Stack: Python, Dynamic Programming, MDP, NumPy, Matplotlib
The Gambler's Problem is a classic finite Markov Decision Process (MDP) in which a gambler bets on the outcome of repeated coin flips. The goal is to find the policy that maximizes the probability of reaching a capital of $100 before going broke.
- States: Gambler's capital s ∈ {1, 2, ..., 99}, with terminal states at s = 0 (loss) and s = 100 (win)
- Actions: Stakes a ∈ {0, 1, ..., min(s, 100 − s)} — the amount wagered on each flip
- Reward: +1 when s = 100 is reached; 0 otherwise
- Dynamics: With probability p_h, the gambler wins the stake; with probability (1 − p_h), they lose it
Solved for p_h = 0.25 and p_h = 0.55 using both:
- Value Iteration: Iteratively applies the Bellman optimality equation until the value function converges, then extracts the greedy policy.
- Policy Iteration: Alternates between full policy evaluation and policy improvement until the policy stabilizes.
The discount factors γ = 1.0, 0.99, and 0.90 are applied to analyze how future reward weighting affects the optimal policy shape.
An extended variant introduces two modifications:
- The gambler may stake up to their full current capital (not capped at 100 − s)
- A "North head" special outcome: with probability 1/8 on a heads flip, winnings are doubled
- Reward is modified to reflect the final capital reached above 99: reward = final_capital − 99
The state transition and reward functions are updated accordingly, and Value Iteration is re-applied.

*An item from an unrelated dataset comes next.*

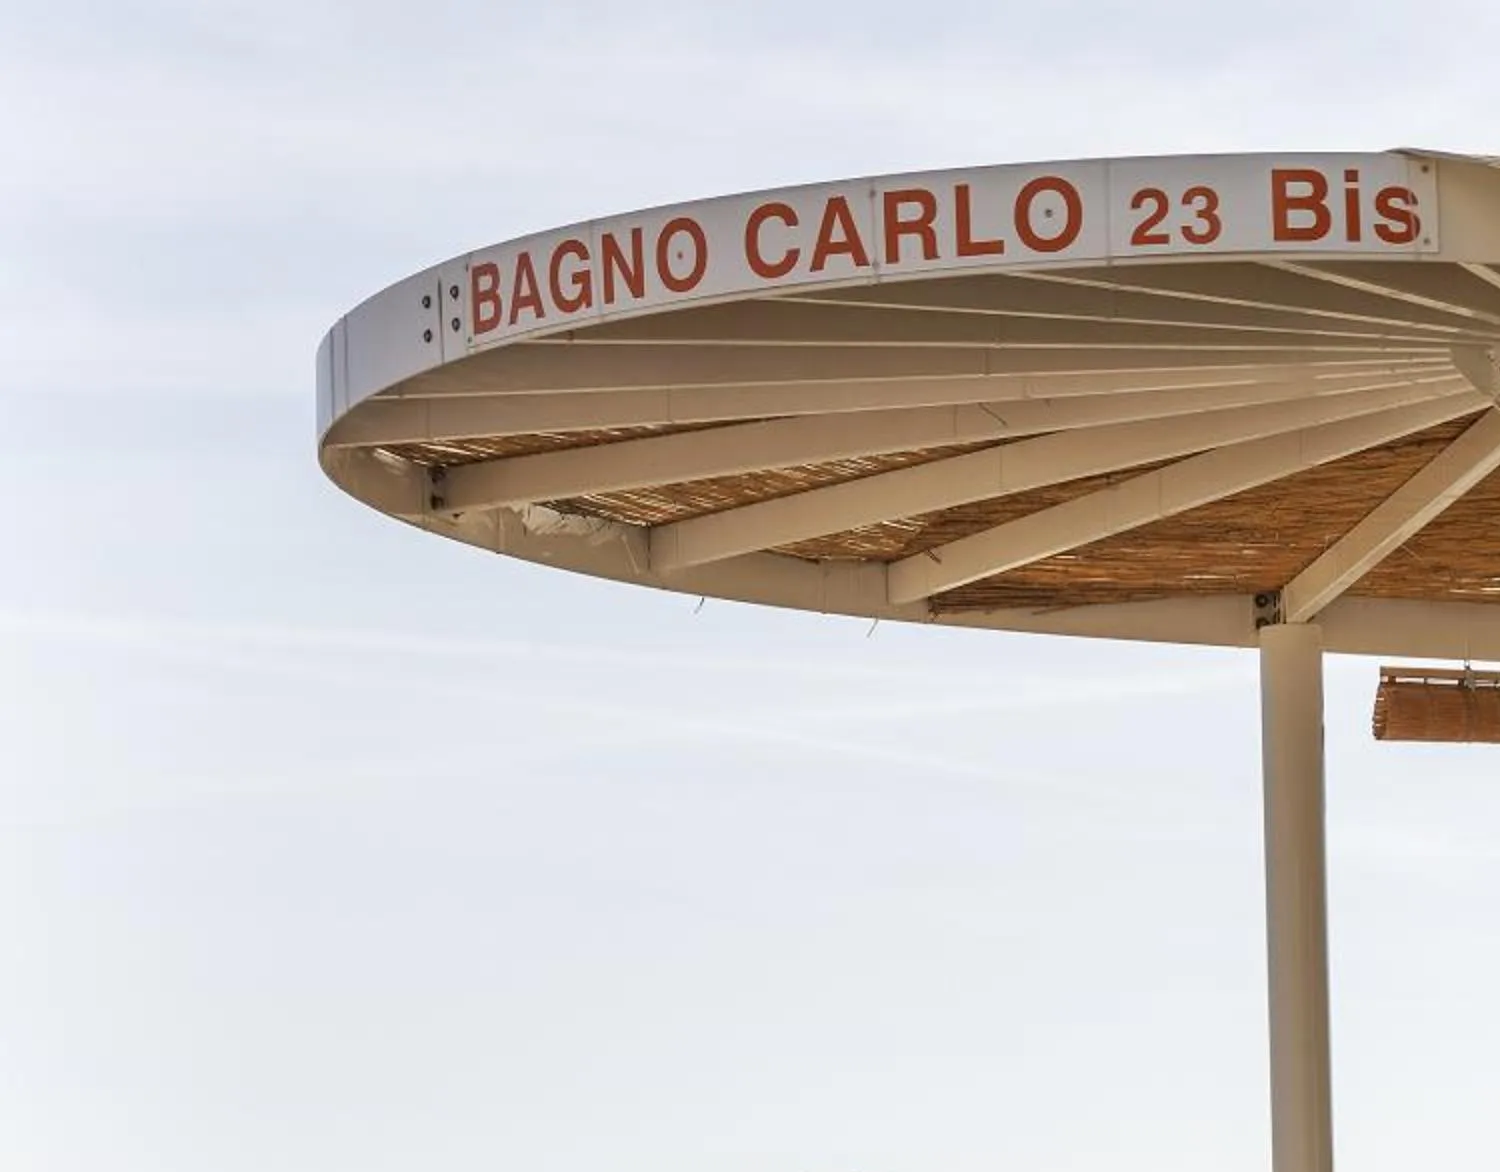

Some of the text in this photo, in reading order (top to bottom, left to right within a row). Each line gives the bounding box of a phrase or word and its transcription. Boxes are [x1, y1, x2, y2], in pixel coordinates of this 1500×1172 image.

[470, 168, 1422, 336] BAGNO CARLO 23 Bis
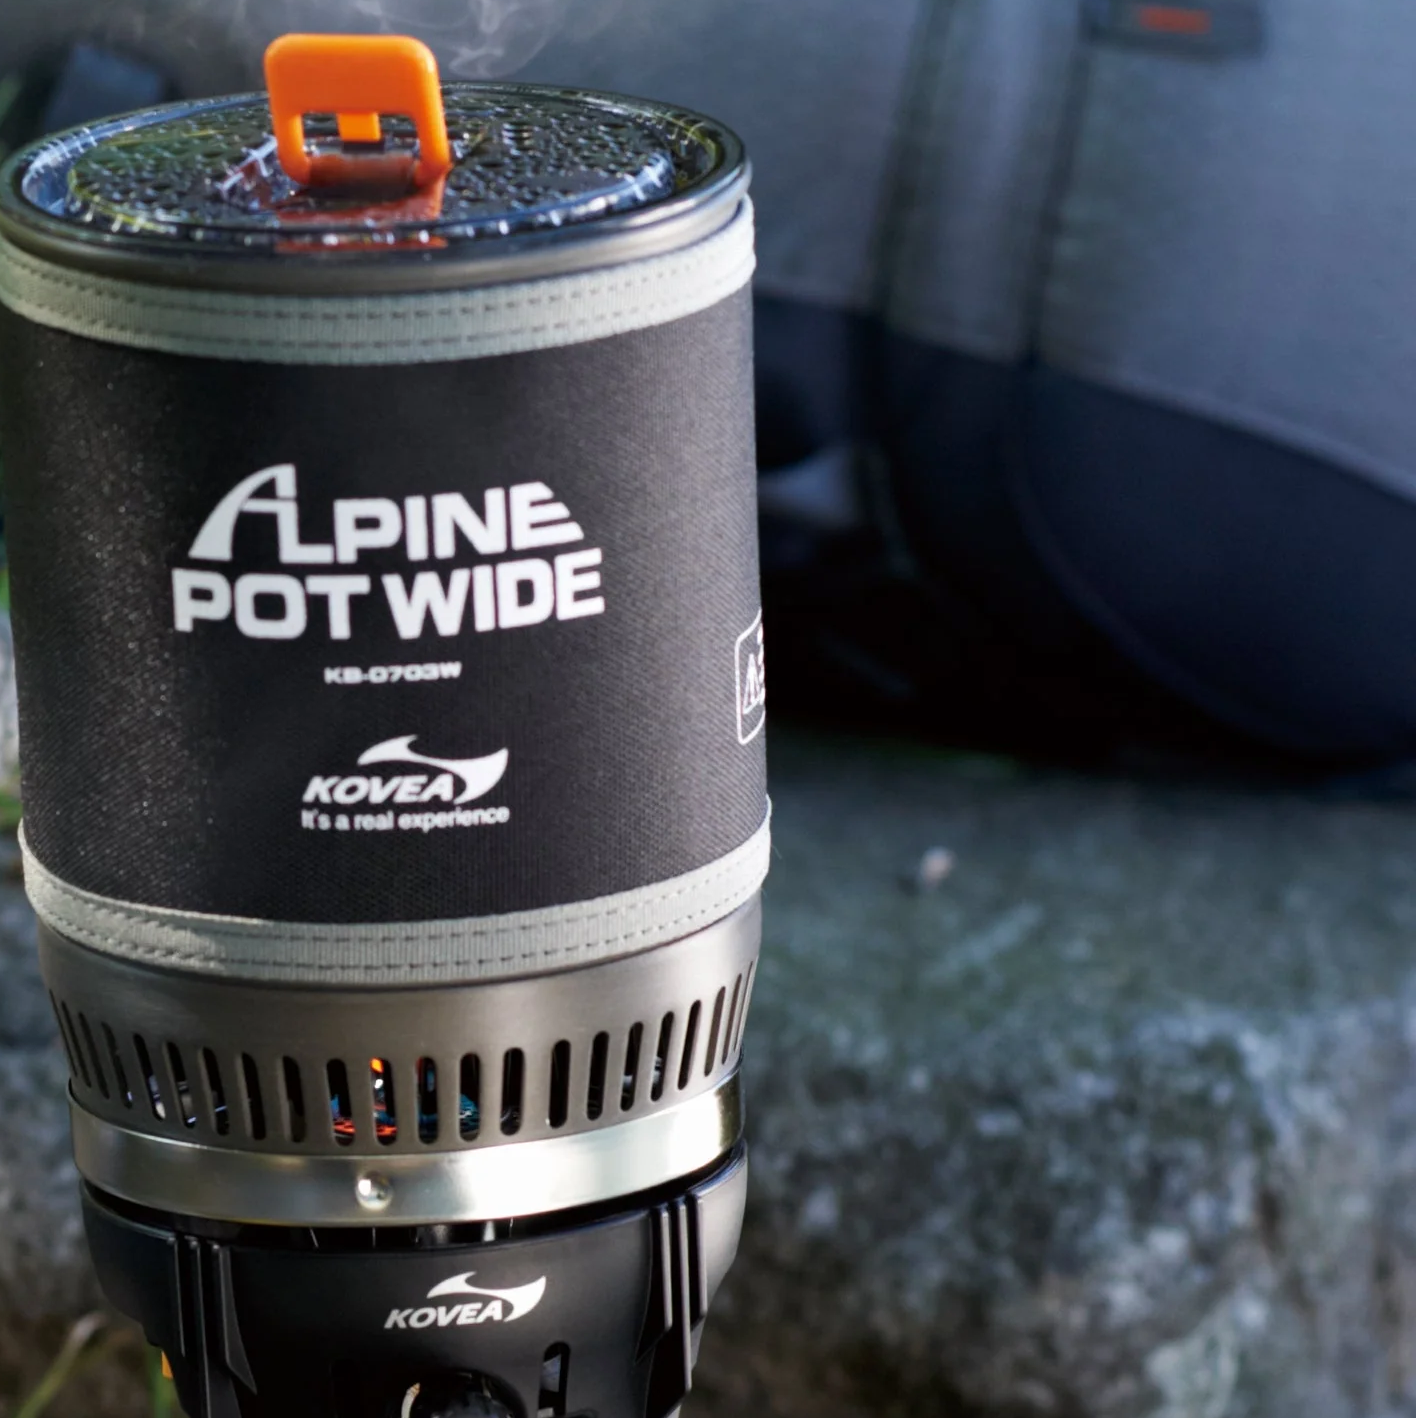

- For p_h < 0.5, the optimal policy concentrates stakes at capital levels that maximize the probability of a single decisive win — producing the characteristic "staircase" value function.
- For p_h > 0.5, the gambler has an inherent edge; spreading smaller bets across more flips increases the probability of winning, flattening the optimal policy.
- Reducing γ from 1.0 to 0.90 significantly discounts terminal rewards, causing the agent to prefer faster paths to $100 even at greater risk.
- Policy Iteration and Value Iteration converge to identical optimal policies, confirming implementation correctness.
RL-Dynamic-Programming-GamblersProblem/
├── notebooks/
│ └── DS669MidtermProject_PabloSalar.ipynb # Full experiment notebook with policy visualizations
├── src/
│ └── DS669MidtermProject_PabloSalar.py # Standalone Python script
└── README.md
| Library | Purpose |
|---|---|
| NumPy | Bellman equation computation and array operations |
| Matplotlib | Value function and policy plots across parameters |
| Jupyter | Interactive experimentation and reporting |
Sutton, R. S., & Barto, A. G. (2018). Reinforcement Learning: An Introduction (2nd ed.). MIT Press. — Chapter 4: Dynamic Programming.